▶ WHAT YOU SHOULD DO
Transcribe these records exactly, dropping every picture.
*** Opening DATA IN THIS EXERCISE ***
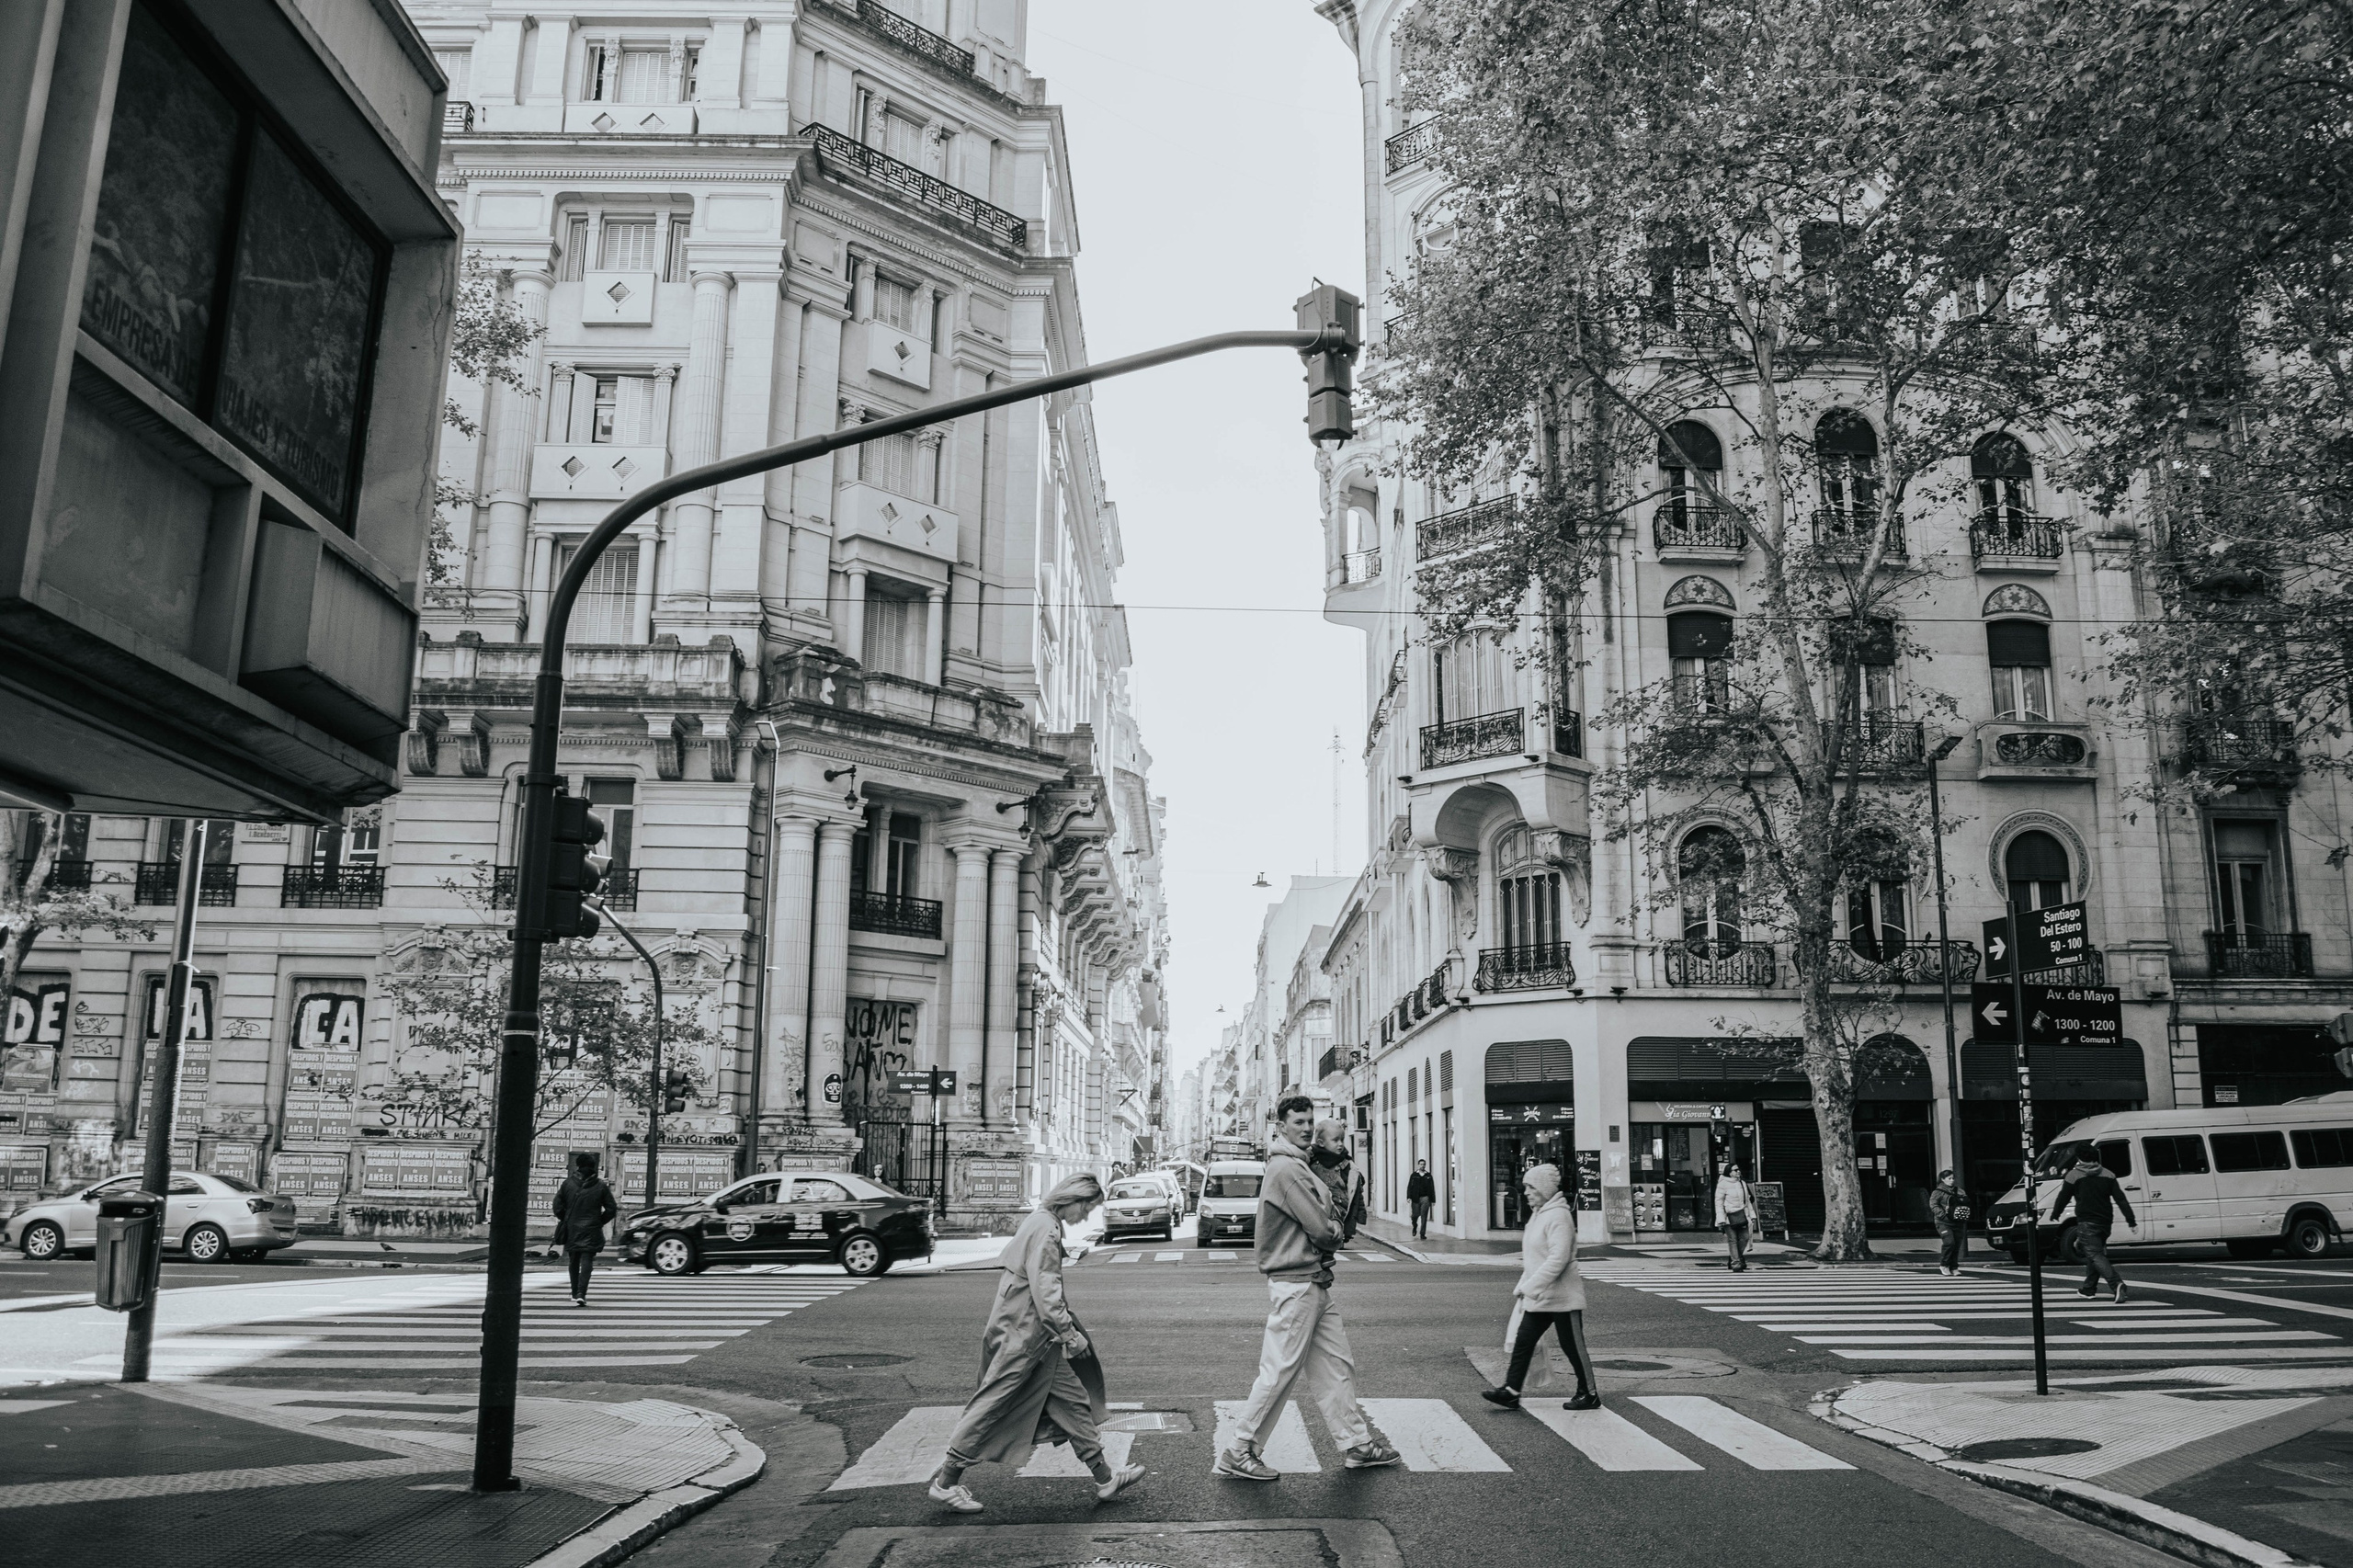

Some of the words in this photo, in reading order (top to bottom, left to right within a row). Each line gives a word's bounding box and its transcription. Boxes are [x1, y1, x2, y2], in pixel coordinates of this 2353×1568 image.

[90, 278, 173, 379] EMPRESA
[222, 374, 269, 445] VIAJES
[285, 427, 339, 502] TURISMO
[2043, 908, 2081, 923] Santiago
[2040, 926, 2054, 937] Del
[2055, 922, 2082, 935] Estero
[2051, 940, 2062, 952] 50
[2067, 937, 2082, 949] 100
[2055, 956, 2078, 965] Comuna
[2078, 953, 2083, 961] 1
[2046, 989, 2065, 1000] Av.
[2068, 989, 2081, 1000] de
[2084, 990, 2115, 1004] Mayo
[5, 991, 66, 1043] DE
[301, 999, 359, 1051] CA
[877, 1004, 913, 1046] ME
[2054, 1018, 2080, 1029] 1300
[2090, 1019, 2115, 1031] 1200
[2080, 1035, 2110, 1044] Comuna
[2112, 1036, 2116, 1044] 1
[327, 1077, 352, 1085] ANSES
[543, 1104, 569, 1112] ANSES
[577, 1105, 604, 1113] ANSES
[1681, 1110, 1711, 1120] Giovann
[288, 1125, 313, 1133] ANSES
[322, 1126, 347, 1134] ANSES
[540, 1153, 565, 1162] ANSES
[14, 1176, 39, 1184] ANSES
[368, 1174, 394, 1182] ANSES
[403, 1175, 428, 1183] ANSES
[438, 1175, 463, 1183] ANSES
[279, 1180, 305, 1188] ANSES
[313, 1181, 339, 1189] ANSES
[663, 1181, 689, 1189] ANSES
[698, 1181, 724, 1189] ANSES
[527, 1200, 552, 1210] ANSES
*** Closing DATA IN THIS EXERCISE ***
▶ ANSWER BELOW
Some of the words in this photo, in reading order (top to bottom, left to right within a row). Each line gives a word's bounding box and its transcription. Boxes are [x1, y1, x2, y2], in pixel coordinates of this 2353×1568 image.

[90, 278, 173, 379] EMPRESA
[222, 374, 269, 445] VIAJES
[285, 427, 339, 502] TURISMO
[2043, 908, 2081, 923] Santiago
[2040, 926, 2054, 937] Del
[2055, 922, 2082, 935] Estero
[2051, 940, 2062, 952] 50
[2067, 937, 2082, 949] 100
[2055, 956, 2078, 965] Comuna
[2078, 953, 2083, 961] 1
[2046, 989, 2065, 1000] Av.
[2068, 989, 2081, 1000] de
[2084, 990, 2115, 1004] Mayo
[5, 991, 66, 1043] DE
[301, 999, 359, 1051] CA
[877, 1004, 913, 1046] ME
[2054, 1018, 2080, 1029] 1300
[2090, 1019, 2115, 1031] 1200
[2080, 1035, 2110, 1044] Comuna
[2112, 1036, 2116, 1044] 1
[327, 1077, 352, 1085] ANSES
[543, 1104, 569, 1112] ANSES
[577, 1105, 604, 1113] ANSES
[1681, 1110, 1711, 1120] Giovann
[288, 1125, 313, 1133] ANSES
[322, 1126, 347, 1134] ANSES
[540, 1153, 565, 1162] ANSES
[14, 1176, 39, 1184] ANSES
[368, 1174, 394, 1182] ANSES
[403, 1175, 428, 1183] ANSES
[438, 1175, 463, 1183] ANSES
[279, 1180, 305, 1188] ANSES
[313, 1181, 339, 1189] ANSES
[663, 1181, 689, 1189] ANSES
[698, 1181, 724, 1189] ANSES
[527, 1200, 552, 1210] ANSES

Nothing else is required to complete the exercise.